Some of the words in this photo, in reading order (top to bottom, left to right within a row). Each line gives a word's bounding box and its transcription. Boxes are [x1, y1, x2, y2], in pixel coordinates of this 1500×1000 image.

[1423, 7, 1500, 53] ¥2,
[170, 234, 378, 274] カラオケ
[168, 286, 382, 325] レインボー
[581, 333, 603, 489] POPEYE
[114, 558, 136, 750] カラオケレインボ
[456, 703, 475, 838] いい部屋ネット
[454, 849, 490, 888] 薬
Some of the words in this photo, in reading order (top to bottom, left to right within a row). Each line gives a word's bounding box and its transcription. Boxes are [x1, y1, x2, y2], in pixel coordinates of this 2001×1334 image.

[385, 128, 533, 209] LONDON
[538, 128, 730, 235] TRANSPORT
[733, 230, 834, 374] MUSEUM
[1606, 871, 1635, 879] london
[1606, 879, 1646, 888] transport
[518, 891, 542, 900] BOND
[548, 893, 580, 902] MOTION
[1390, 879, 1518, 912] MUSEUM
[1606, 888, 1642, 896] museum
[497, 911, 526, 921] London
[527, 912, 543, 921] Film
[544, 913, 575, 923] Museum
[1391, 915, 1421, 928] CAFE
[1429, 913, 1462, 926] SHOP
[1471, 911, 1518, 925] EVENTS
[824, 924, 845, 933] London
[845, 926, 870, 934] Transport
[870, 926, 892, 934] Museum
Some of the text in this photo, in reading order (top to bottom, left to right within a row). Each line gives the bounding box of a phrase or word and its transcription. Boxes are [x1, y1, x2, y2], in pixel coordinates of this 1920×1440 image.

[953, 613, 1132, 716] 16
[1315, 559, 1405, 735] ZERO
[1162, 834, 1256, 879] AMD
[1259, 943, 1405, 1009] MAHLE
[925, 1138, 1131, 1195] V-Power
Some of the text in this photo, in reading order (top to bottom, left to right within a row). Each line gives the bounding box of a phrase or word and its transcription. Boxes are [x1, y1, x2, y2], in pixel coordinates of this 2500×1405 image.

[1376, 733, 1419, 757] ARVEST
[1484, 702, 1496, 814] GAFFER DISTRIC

|---|

- How to complete this task -
Return, please, every line from the one that contains "this 2500×1405 image." through the final line of the listing, exactly, and no others.

- Answer to the problem -
Some of the text in this photo, in reading order (top to bottom, left to right within a row). Each line gives the bounding box of a phrase or word and its transcription. Boxes are [x1, y1, x2, y2], in pixel coordinates of this 2500×1405 image.

[1376, 733, 1419, 757] ARVEST
[1484, 702, 1496, 814] GAFFER DISTRIC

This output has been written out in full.